US companies in this situation should, however, know that while regulations no longer require a local Japanese resident to serve as a director for a KK or GK, there are still substantial benefits associated with employing a local resident as a director.
To begin with, employing a director that is a resident of Japan is customary and shows an understanding of and commitment to local business culture and etiquette. The value created by a local representative director in transacting local business cannot be overestimated. For example, certain transactions require the personal attendance of a director. These transactions include applications for business licenses, bank accounts and lease agreements, to name a few.
There are other benefits to engaging a local resident as representative director. For example, when you incorporate an entity in Japan, you must evidence the initial investment of share capital. Where a local representative director has been appointed, this requirement may be satisfied by using the director’s own personal bank account. Absent a local resident director, the requirement becomes more difficult, either necessitating the establishment of an escrow account or the use of a local third party as the initial subscribing shareholder. Both of these solutions add complexity and delays to an already demanding process.
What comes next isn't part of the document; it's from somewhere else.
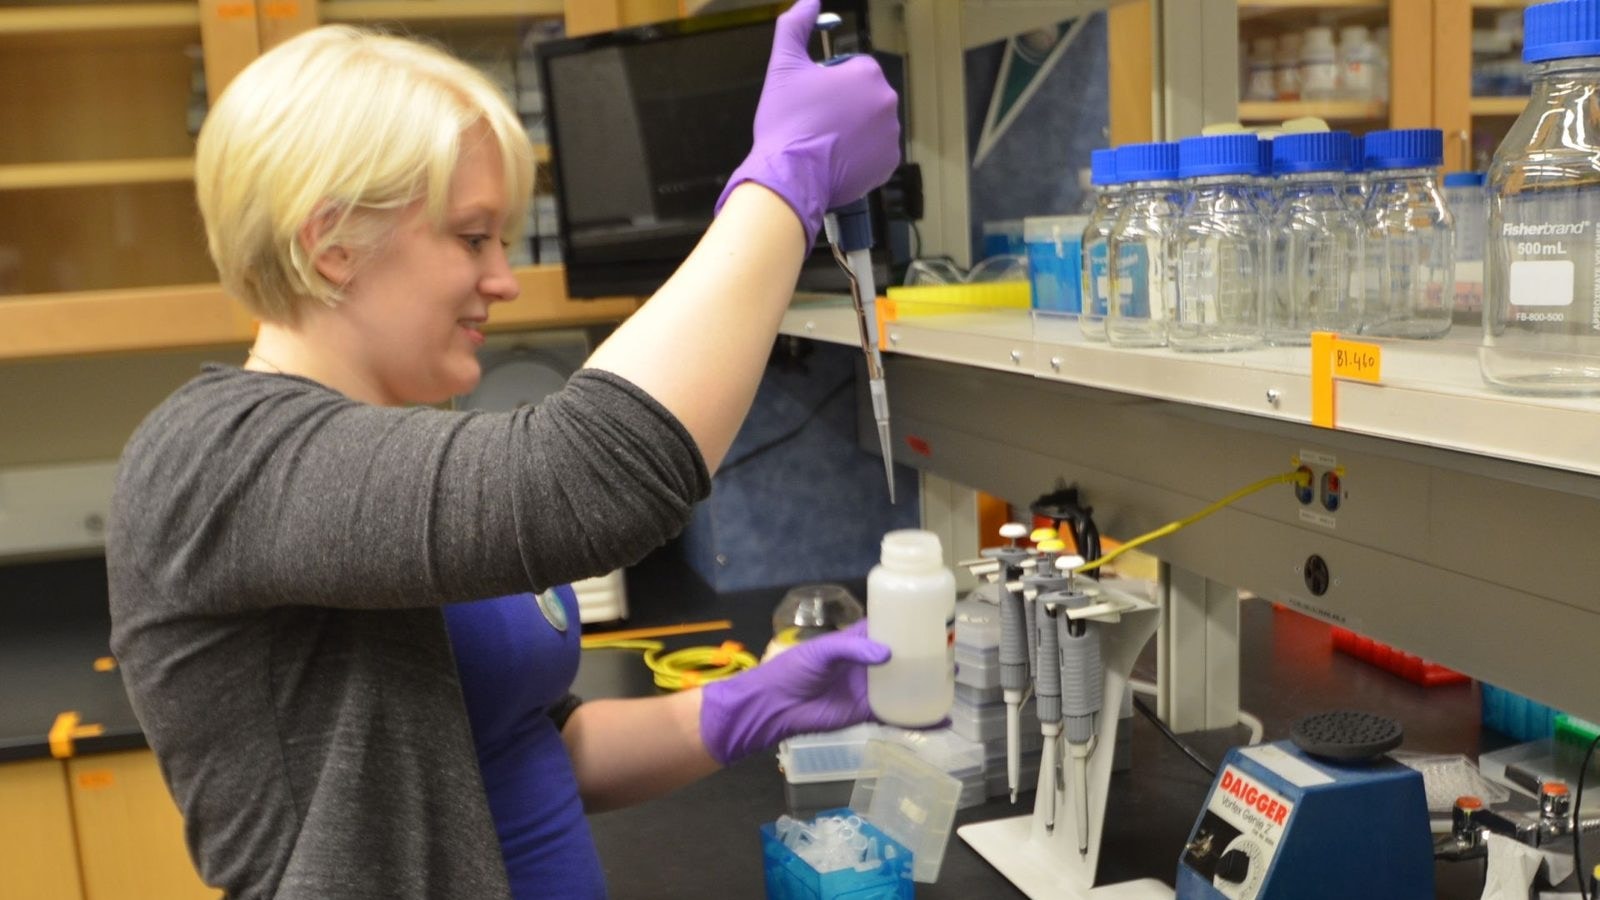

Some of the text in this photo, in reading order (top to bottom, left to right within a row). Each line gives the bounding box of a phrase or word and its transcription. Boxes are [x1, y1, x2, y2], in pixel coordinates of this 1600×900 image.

The fact that there are continuing benefits to having a local resident director no doubt explains why most organizations have not replaced them with foreign appointees and why the business of third-party nominees has not waned. On this last point nominee directors from third-party firms are often preferred to internal office holders for two important reasons that I will now address.
First, third-party firms can provide significant internal control related to company seals. Company seals in Japan are used like signatures to execute legally binding documents, and unfortunately they can be misused. To take one dramatic example, before its collapse Lehman Brothers lost millions of dollars in a fraud involving forged documents stamped with a Japanese company seal. A local third-party provider of director services can maintain the company seal and help ensure that it’s used only in appropriate situations and in accordance with the company’s corporate governance policies.
It should also be noted that in the event of legal proceedings, Japanese courts will pursue foreign directors in the absence of a local-resident representative director. A foreign director in this situation may be required to appear in a Japanese court. Indeed, one of the key factors in removing the local-director requirement was the assurance by the Supreme Court that foreign directors would be subject to its jurisdiction.
In addition to providing internal control related to company seals, a local-resident representative director can provide a company with tax savings. Bonuses and commission payments issued to directors are not deductible for corporate tax purposes. Since internal appointees invariably also hold senior employment positions with generous bonus schemes, this means that appointing an internal director can add considerably to a company’s tax bill. A third-party nominee on the other hand is paid a relatively modest service fee and so provides a more tax-efficient means of fulfilling the representative-director requirement.